= What is expected =
Emit the line that holds "this 2000×1500 image." and all lines following it through the end of the data, verbatim, and nothing else.

[Saved data entries]
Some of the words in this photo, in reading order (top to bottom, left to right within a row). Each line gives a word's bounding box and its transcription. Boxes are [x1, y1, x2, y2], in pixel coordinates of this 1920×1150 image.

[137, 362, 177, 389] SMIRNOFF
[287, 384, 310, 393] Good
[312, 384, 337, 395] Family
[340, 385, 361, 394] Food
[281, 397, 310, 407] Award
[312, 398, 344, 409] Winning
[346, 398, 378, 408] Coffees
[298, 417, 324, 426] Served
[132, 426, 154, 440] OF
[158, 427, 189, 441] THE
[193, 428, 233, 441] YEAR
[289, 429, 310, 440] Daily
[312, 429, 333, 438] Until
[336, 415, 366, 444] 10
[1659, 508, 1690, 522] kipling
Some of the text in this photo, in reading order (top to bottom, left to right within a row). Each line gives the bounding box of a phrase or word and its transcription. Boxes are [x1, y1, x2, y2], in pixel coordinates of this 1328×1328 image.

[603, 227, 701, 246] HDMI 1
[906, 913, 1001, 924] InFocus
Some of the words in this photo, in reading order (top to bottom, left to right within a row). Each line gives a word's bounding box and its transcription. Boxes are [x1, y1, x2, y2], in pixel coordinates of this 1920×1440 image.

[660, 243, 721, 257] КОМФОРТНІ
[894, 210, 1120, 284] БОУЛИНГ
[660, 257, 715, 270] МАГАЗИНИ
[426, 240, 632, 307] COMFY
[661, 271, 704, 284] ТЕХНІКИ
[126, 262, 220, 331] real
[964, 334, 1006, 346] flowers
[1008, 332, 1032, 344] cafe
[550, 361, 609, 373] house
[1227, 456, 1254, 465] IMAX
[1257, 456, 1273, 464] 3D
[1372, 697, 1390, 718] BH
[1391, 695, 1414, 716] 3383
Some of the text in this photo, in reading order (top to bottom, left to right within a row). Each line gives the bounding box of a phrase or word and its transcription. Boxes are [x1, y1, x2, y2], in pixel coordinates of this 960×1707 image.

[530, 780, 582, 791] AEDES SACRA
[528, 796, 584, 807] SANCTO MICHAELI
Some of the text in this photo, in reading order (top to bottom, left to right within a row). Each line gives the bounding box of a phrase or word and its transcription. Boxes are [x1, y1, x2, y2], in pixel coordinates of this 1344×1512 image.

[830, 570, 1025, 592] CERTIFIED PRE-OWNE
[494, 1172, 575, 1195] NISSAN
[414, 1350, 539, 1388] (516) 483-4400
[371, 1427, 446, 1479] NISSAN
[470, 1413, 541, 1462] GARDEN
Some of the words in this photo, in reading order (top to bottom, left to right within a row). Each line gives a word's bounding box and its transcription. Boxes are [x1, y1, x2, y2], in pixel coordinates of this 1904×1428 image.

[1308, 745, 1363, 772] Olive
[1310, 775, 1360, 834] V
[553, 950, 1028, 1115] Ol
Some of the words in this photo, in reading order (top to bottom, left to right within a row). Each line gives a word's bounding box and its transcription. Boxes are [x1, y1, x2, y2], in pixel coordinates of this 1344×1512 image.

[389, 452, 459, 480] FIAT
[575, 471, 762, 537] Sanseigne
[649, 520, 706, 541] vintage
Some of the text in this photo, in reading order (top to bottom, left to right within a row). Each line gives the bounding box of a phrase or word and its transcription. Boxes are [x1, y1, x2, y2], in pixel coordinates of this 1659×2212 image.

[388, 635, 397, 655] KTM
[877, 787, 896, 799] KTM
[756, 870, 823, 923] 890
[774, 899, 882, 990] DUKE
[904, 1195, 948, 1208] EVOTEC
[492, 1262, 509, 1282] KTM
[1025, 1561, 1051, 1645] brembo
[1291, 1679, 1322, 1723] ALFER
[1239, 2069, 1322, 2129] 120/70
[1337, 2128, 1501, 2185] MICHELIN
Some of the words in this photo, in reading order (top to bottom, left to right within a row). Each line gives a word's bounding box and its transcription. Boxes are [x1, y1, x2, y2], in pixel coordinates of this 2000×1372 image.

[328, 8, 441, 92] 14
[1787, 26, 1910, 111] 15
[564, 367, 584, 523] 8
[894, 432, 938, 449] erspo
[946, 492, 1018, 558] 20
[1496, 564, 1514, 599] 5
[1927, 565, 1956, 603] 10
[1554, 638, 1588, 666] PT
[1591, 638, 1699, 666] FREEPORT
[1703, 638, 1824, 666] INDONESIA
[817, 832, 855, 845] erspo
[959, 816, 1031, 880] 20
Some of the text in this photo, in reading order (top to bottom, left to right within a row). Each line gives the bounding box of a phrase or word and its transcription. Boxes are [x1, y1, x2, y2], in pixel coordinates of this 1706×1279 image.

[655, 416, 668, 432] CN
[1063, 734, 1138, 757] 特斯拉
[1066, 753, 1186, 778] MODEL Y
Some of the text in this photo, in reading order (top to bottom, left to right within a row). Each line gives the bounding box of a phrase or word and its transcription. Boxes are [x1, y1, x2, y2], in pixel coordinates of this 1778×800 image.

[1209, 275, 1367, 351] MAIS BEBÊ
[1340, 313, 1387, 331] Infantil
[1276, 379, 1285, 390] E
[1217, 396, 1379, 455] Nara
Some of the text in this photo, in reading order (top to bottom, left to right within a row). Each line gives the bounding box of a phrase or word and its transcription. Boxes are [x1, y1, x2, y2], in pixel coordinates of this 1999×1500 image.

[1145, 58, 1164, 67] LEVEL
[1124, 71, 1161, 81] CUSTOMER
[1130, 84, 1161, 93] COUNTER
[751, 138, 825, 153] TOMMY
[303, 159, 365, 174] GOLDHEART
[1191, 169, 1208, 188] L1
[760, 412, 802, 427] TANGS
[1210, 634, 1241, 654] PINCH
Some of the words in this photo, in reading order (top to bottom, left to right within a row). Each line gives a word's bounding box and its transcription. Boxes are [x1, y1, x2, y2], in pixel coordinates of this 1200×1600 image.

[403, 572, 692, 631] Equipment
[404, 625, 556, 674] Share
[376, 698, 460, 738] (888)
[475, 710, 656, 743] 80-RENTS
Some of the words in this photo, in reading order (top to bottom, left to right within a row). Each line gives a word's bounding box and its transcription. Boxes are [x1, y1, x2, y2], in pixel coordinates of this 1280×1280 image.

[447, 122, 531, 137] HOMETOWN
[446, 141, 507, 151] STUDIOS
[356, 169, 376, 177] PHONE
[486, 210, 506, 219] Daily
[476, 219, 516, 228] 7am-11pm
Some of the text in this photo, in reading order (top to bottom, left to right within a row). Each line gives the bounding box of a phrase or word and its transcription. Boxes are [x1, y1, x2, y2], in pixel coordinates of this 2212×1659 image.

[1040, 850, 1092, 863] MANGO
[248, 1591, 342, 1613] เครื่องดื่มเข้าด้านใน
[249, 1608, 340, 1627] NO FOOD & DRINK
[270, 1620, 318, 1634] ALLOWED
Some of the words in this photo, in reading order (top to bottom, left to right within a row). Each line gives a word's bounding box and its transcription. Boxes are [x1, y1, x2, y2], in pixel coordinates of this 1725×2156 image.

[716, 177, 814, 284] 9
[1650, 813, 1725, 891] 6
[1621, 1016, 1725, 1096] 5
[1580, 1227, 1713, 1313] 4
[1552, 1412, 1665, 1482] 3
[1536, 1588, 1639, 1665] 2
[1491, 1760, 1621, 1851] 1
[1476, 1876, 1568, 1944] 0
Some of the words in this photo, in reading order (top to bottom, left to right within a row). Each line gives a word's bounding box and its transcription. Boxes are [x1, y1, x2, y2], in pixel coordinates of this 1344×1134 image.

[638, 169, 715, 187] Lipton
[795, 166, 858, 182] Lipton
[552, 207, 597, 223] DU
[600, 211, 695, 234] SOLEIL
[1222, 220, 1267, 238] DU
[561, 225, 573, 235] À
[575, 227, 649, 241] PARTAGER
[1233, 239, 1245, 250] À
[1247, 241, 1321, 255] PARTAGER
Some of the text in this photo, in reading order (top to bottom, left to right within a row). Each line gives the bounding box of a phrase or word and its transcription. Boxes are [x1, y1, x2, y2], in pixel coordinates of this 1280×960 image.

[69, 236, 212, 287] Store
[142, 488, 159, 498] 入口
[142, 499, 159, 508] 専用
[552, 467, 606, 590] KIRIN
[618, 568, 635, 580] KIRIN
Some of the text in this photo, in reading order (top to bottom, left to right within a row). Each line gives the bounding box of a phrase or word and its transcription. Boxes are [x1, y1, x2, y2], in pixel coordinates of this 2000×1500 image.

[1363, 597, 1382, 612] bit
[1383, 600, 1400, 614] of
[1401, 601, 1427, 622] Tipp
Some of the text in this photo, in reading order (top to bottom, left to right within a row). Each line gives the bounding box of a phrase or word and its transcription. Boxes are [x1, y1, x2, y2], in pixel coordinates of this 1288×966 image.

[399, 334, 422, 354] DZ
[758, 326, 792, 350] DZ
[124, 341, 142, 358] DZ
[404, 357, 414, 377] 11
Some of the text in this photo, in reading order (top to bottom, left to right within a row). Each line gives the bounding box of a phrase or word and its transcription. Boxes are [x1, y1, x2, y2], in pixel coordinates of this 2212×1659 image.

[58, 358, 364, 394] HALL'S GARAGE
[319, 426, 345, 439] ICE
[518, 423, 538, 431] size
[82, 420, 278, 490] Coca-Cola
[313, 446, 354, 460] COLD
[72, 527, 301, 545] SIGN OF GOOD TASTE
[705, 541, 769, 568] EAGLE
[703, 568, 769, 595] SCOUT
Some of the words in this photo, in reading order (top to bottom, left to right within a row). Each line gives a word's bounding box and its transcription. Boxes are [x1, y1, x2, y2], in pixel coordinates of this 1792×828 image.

= Written answer =
Some of the text in this photo, in reading order (top to bottom, left to right within a row). Each line gives the bounding box of a phrase or word and its transcription. Boxes are [x1, y1, x2, y2], in pixel coordinates of this 2000×1500 image.

[1363, 597, 1382, 612] bit
[1383, 600, 1400, 614] of
[1401, 601, 1427, 622] Tipp
Some of the text in this photo, in reading order (top to bottom, left to right within a row). Each line gives the bounding box of a phrase or word and its transcription. Boxes are [x1, y1, x2, y2], in pixel coordinates of this 1288×966 image.

[399, 334, 422, 354] DZ
[758, 326, 792, 350] DZ
[124, 341, 142, 358] DZ
[404, 357, 414, 377] 11
Some of the text in this photo, in reading order (top to bottom, left to right within a row). Each line gives the bounding box of a phrase or word and its transcription. Boxes are [x1, y1, x2, y2], in pixel coordinates of this 2212×1659 image.

[58, 358, 364, 394] HALL'S GARAGE
[319, 426, 345, 439] ICE
[518, 423, 538, 431] size
[82, 420, 278, 490] Coca-Cola
[313, 446, 354, 460] COLD
[72, 527, 301, 545] SIGN OF GOOD TASTE
[705, 541, 769, 568] EAGLE
[703, 568, 769, 595] SCOUT
Some of the words in this photo, in reading order (top to bottom, left to right within a row). Each line gives a word's bounding box and its transcription. Boxes are [x1, y1, x2, y2], in pixel coordinates of this 1792×828 image.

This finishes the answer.